Didalam kamar tidur, terdapat klien kami yang sudah tengkurap tak bernyawa disebelah kasur dengan kedua lengannya membentang. Terdapat pecahan sebuah cangkir beserta kopi yang tumpah disekitar tangan kirinya. Mata dan mulutnya tidak tertutup sempurna membuat wajahnya memancarkan ekspresi kengerian yang menunjukan kalau ia tidak siap menemui ajalnya. Ia mengenakan baju santai berwarna putih yang agak lecek dan luntur kehitaman dibelakangnya dengan celana pendek dan sandal hotel. Disamping kasur, terdapat sebuah meja yang diatasnya ada beberapa botol minuman keras.
Nick rupanya tidak langsung menghampiri mayat pak Burhan. Ia mengitari sekeliling kamar itu dan mengamati setiap detail dari kamarnya. Ia bisa terdiam selama beberapa menit hanya untuk mengamati satu titik dan berpikir mengenai kejadian apa yang mungkin terjadi disana. Kamarnya terlihat sangat rapi seperti masih baru akan ditinggali, sehingga aku ragu apa yang bisa ditemukan olehnya disana.
Setelah puas mengamati setiap inci diruangan ini, Nick mengambil sarung tangan dan masker lalu menghampiri jasad pak Burhan. Aku sendiri tak berani bersentuhan langsung dengan mayat, bahkan melihat wajahnya saja aku sangat segan. Itu membuatku agak ngeri, tetapi Nick terlihat santai dan memperlakukan tubuh pak Burhan sebagai objek observasi. Ini adalah hal yang wajar untuk seorang mahasiswa kedokteran, tetapi untuk seorang sarjana ilmu komputer, tentu ini bukanlah sesuatu yang biasa.
“Prajna, siapa yang pertama kali nemuin pak Burhan?” tanya Nick sambil membolak balik tangan pak Burhan.
“Karyawan hotel yang bertugas bersihin ruangan ini.”
“Detail waktunya?”
“Bersih-bersihnya rutin sekitar jam sebelas setiap harinya. Tadi siang, karyawan ini menemukan pak Burhan udah gak bernyawa disini, Nick. Menurut dokter yang mengamati, pak Burhan ini sudah meninggal dari kemarin, sekitar pukul satu siang.”
“Sehabis makan siang?”
“Ya, karyawan-karyawan yang bekerja disini masih ngeliat dia makan siang kemarin.”

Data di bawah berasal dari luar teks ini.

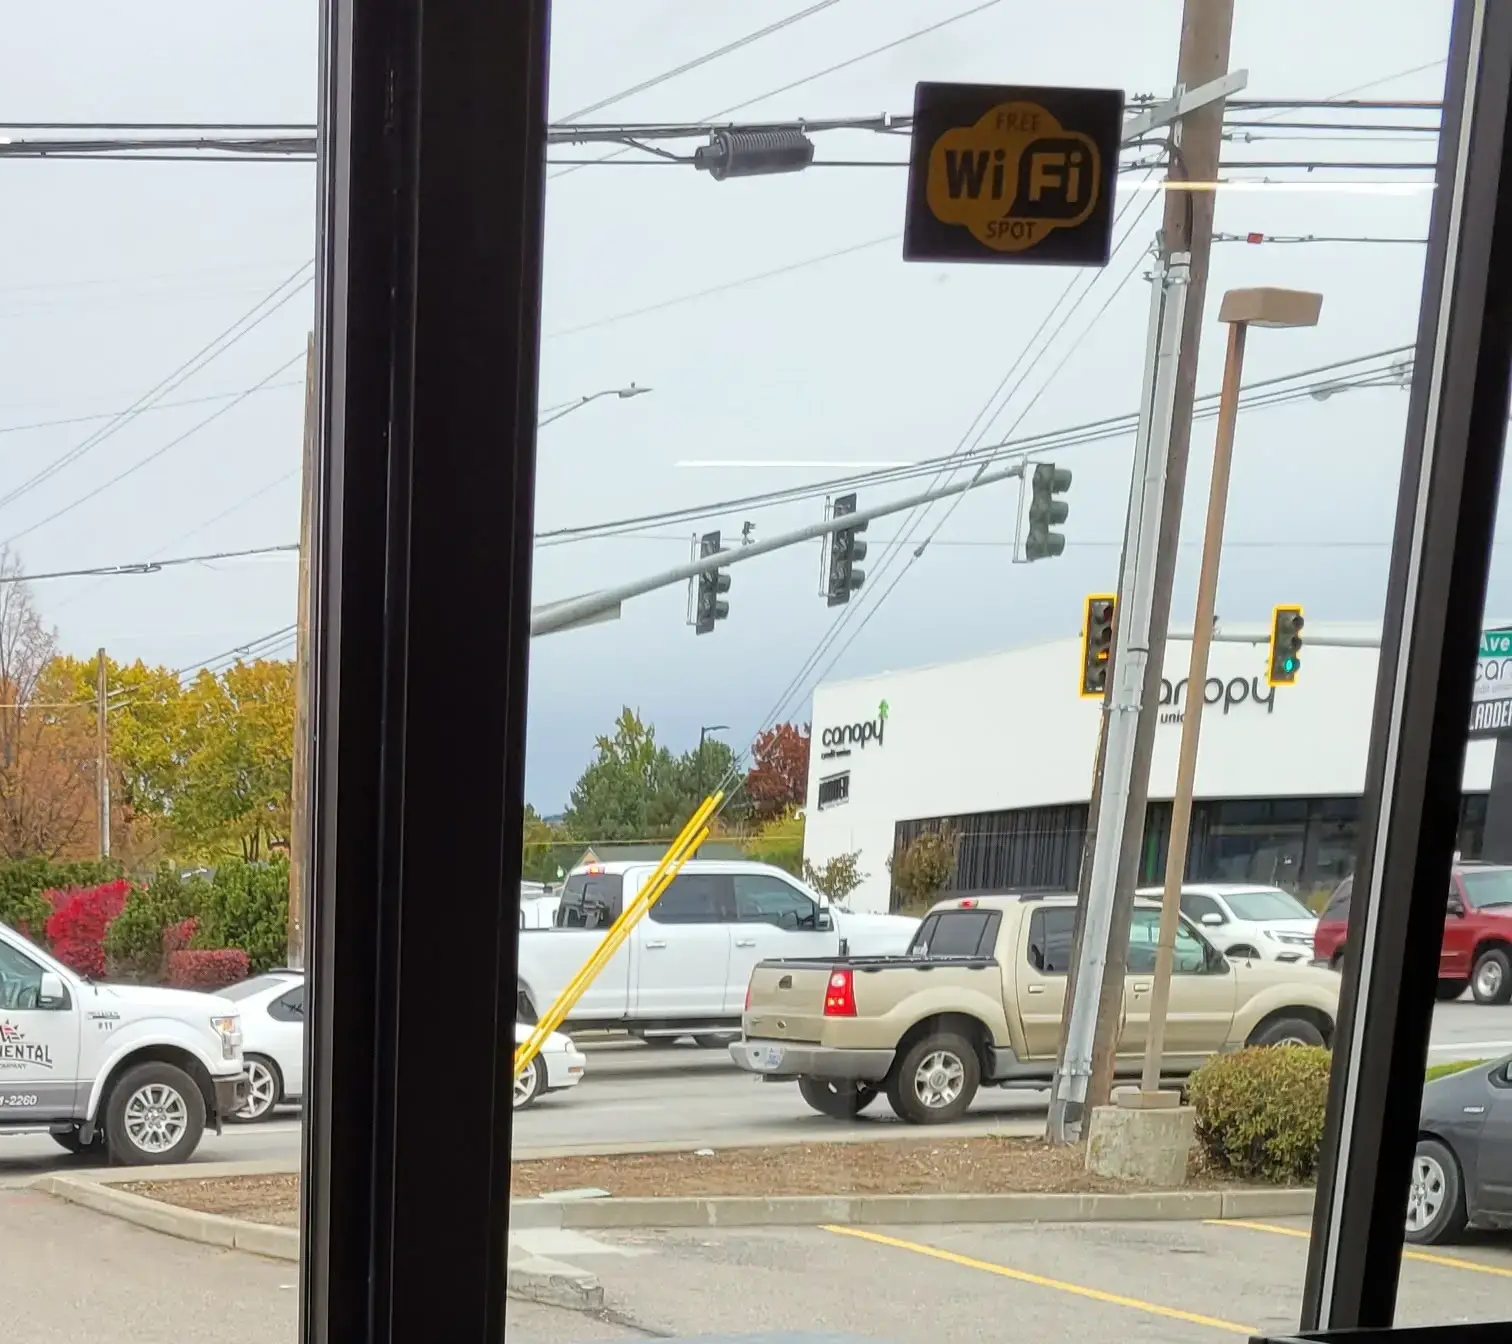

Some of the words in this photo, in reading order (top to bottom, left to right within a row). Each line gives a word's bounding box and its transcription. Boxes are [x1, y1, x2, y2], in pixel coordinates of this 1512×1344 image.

[995, 111, 1042, 132] FREE
[986, 220, 1038, 240] SPOT
[822, 719, 884, 749] canopy

“Gak ada orang lain yang masuk kesini dari kemarin?”
“Cuma karyawan yang bersih-bersih. Kalau ada orang lain, mereka pasti udah tertangkap oleh kamera CCTV. Kalau lu berpikir ada jalan masuk lain selain pintu, kayaknya gak mungkin lah. Semua jendela terkunci dari dalam, gak ada balkon pula diseluruh kamar hotel ini, selain itu ini lantai enam dan diatas masih ada empat lantai lagi.”
“Ada barang yang hilang?”
“Enggak, semua masih utuh.”
“Yakin lu gaada barang yang hilang dan gaada yang masuk?”
“Iya, yakin. Gua dan tim gua udah ngecek, semua barang-barang berharganya masih ada. Ayolah penyebab kematiannya sudah jelas, lu nyari apa sih? Ini bukan pembunuhan dan semuanya natural, Nick,” ucap Prajna yang semakin jengkel berusaha meyakinkan Nick.
Nick sama sekali tidak menghiraukan ucapan Prajna. Sekarang, dia mengambil sebuah cangkir yang sama persis dengan cangkir pecah tersebut didekat tempat minuman, mengisinya dengan air, dan berusaha memecahkannya. Pertama, Ia membanting cangkir itu sambil tengkurap dan mengangkat tangannya keatas. Cangkir itu tidak pecah, hanya jatuh dan menumpahkan sebagian dari airnya yang ke lantai yang dilapisi karpet itu. Kemudian, ia mencoba membantingnya sambil berjongkok dan kembali mengangkat tangannya setengah keatas. Kali ini, cangkir tersebut pecah sebagian dan menumpahkan air tersebut kesekitarnya.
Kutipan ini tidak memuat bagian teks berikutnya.